Apart from the pictures, output all of the records exactly.

*** Opening of Task inputs ***

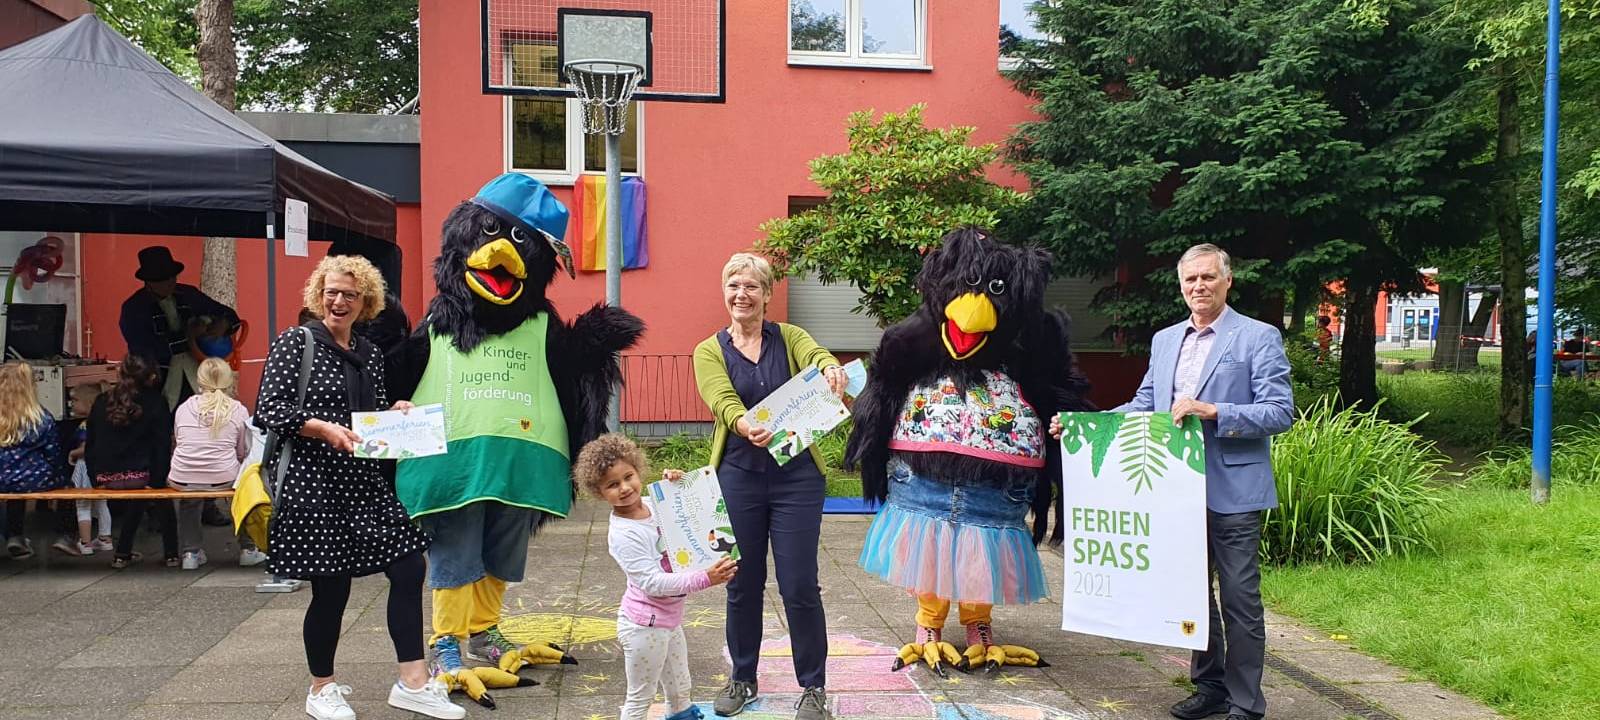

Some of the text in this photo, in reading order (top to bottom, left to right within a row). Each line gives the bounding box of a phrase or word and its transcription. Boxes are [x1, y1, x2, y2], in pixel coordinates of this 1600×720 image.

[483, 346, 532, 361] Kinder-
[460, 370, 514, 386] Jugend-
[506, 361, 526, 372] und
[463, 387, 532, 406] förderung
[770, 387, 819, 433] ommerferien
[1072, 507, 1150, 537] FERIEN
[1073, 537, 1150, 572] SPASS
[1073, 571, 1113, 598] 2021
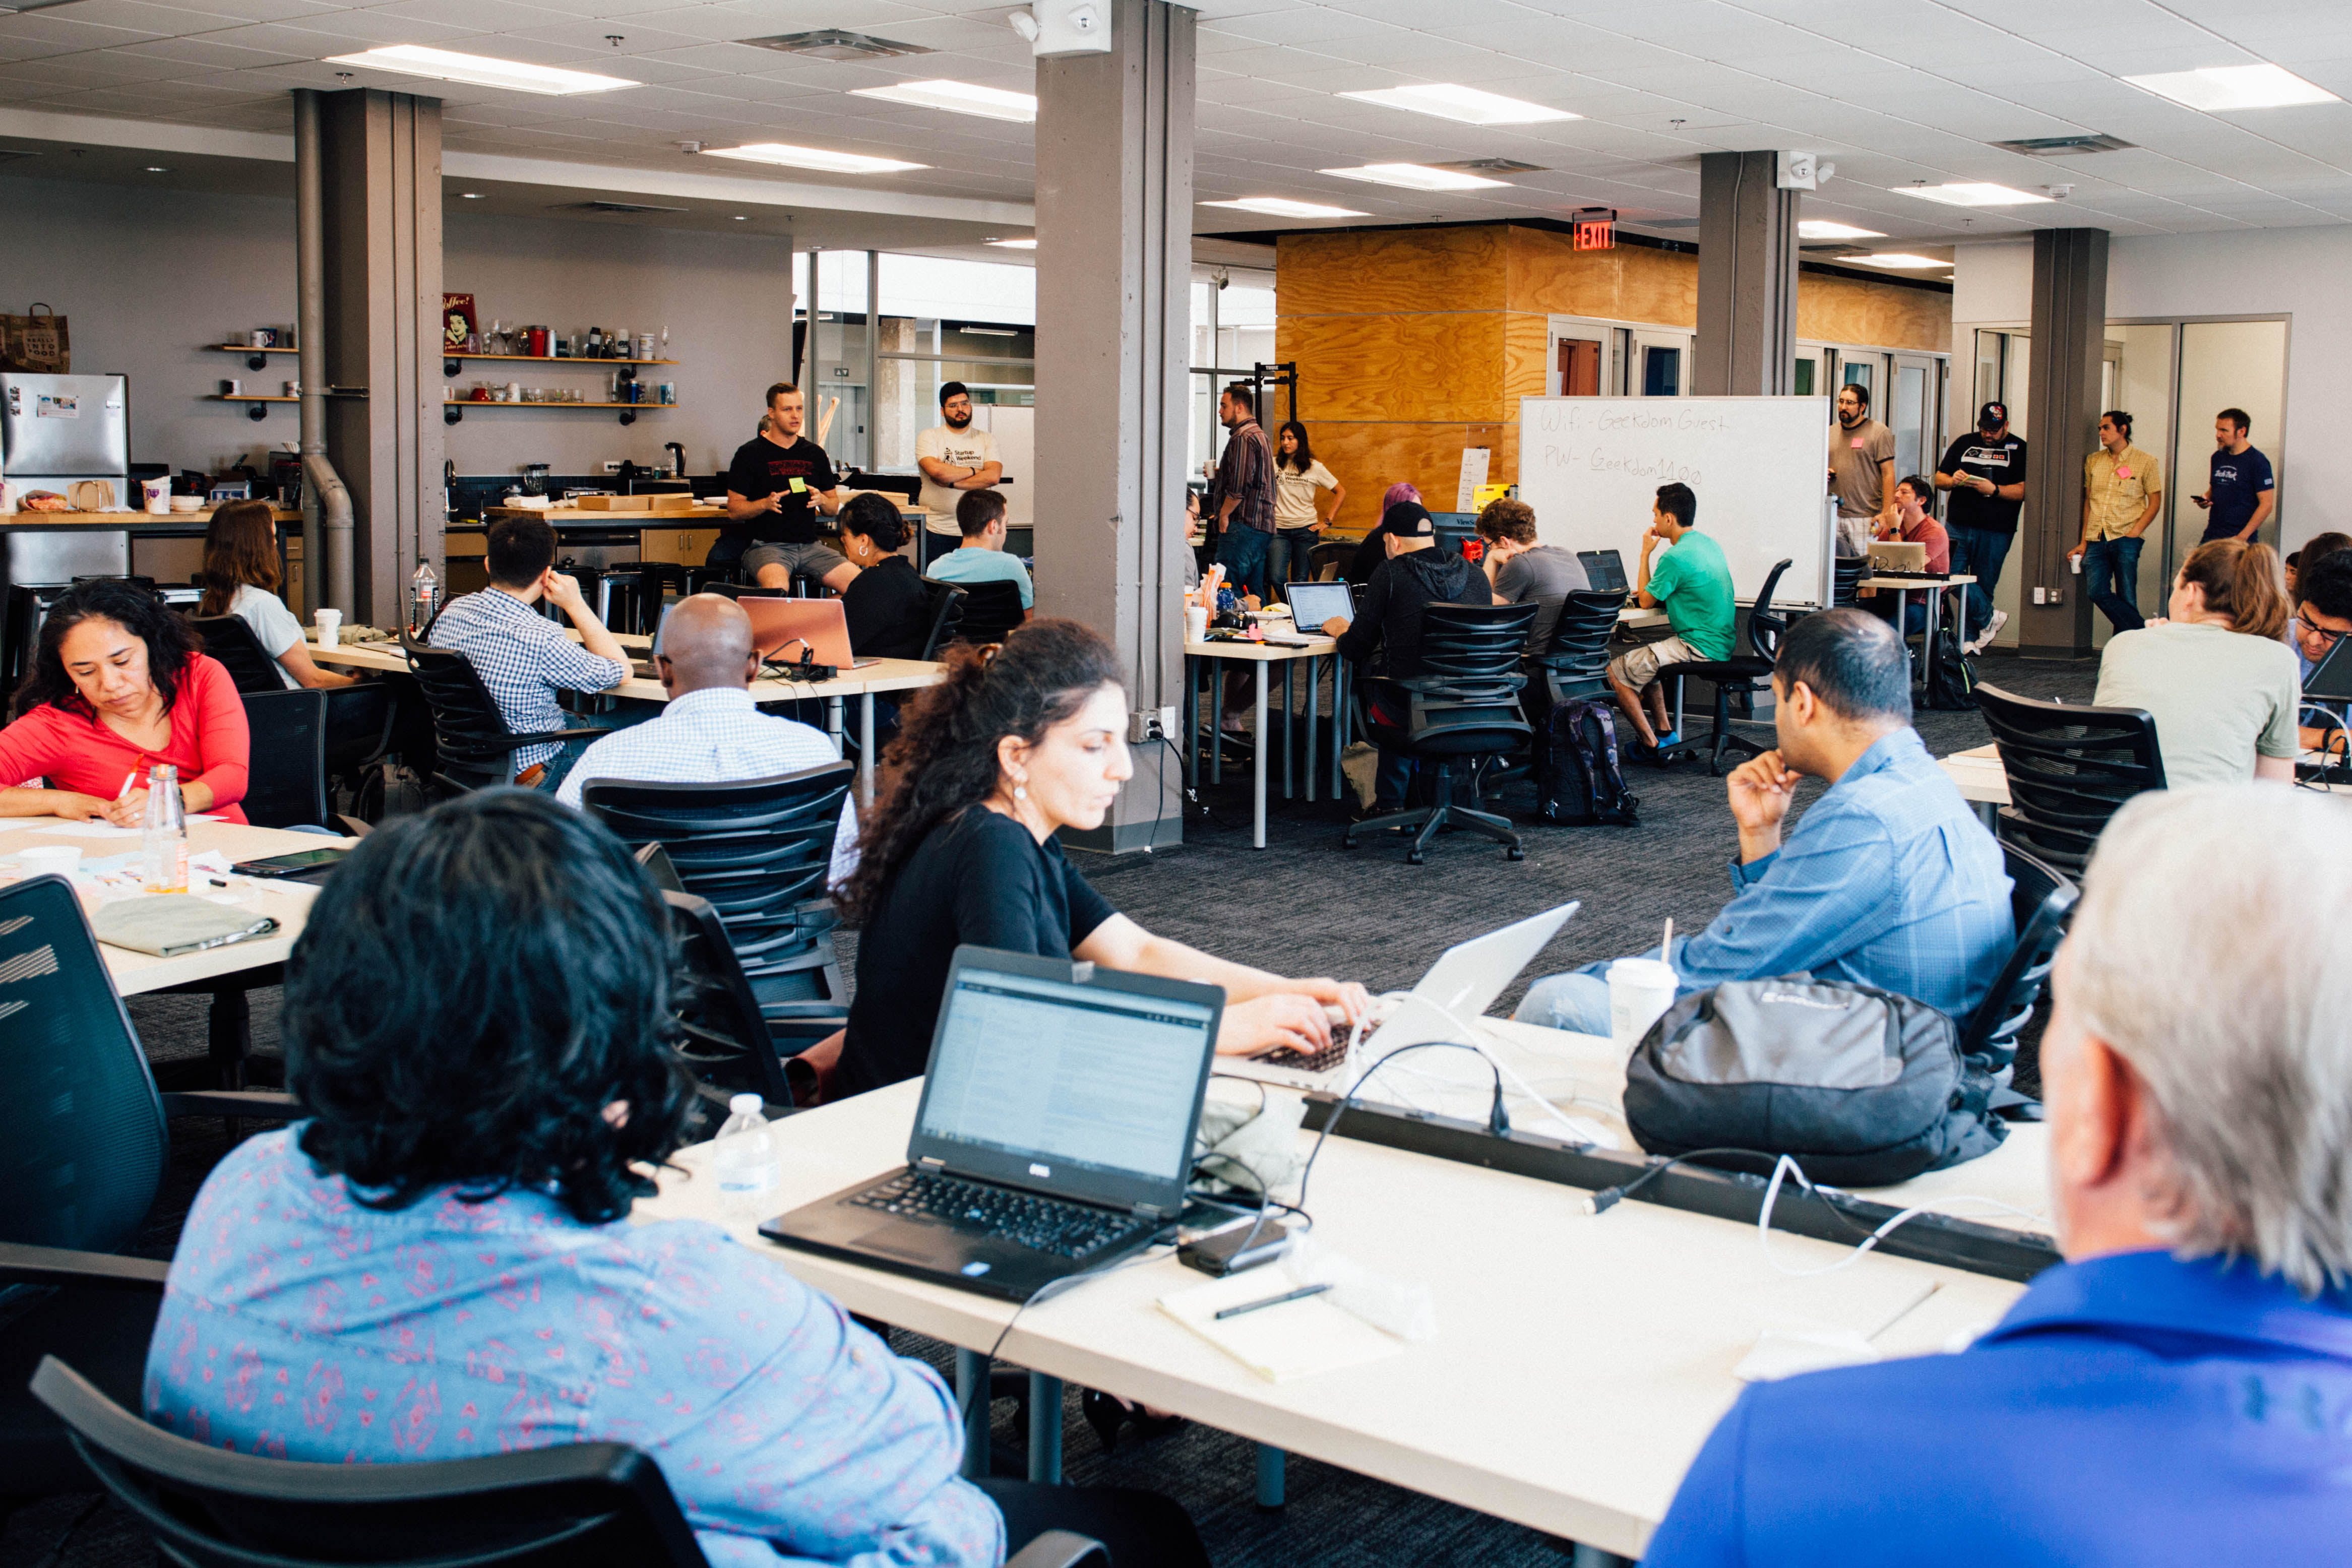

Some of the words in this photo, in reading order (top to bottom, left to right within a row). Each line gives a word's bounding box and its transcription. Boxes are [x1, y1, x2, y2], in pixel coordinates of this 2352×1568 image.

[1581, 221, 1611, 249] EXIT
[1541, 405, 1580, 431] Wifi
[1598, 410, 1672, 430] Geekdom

*** Close of Task inputs ***

#### Task response
Some of the text in this photo, in reading order (top to bottom, left to right within a row). Each line gives the bounding box of a phrase or word and its transcription. Boxes are [x1, y1, x2, y2], in pixel coordinates of this 1600×720 image.

[483, 346, 532, 361] Kinder-
[460, 370, 514, 386] Jugend-
[506, 361, 526, 372] und
[463, 387, 532, 406] förderung
[770, 387, 819, 433] ommerferien
[1072, 507, 1150, 537] FERIEN
[1073, 537, 1150, 572] SPASS
[1073, 571, 1113, 598] 2021

Some of the words in this photo, in reading order (top to bottom, left to right within a row). Each line gives a word's bounding box and its transcription. Boxes are [x1, y1, x2, y2], in pixel coordinates of this 2352×1568 image.

[1581, 221, 1611, 249] EXIT
[1541, 405, 1580, 431] Wifi
[1598, 410, 1672, 430] Geekdom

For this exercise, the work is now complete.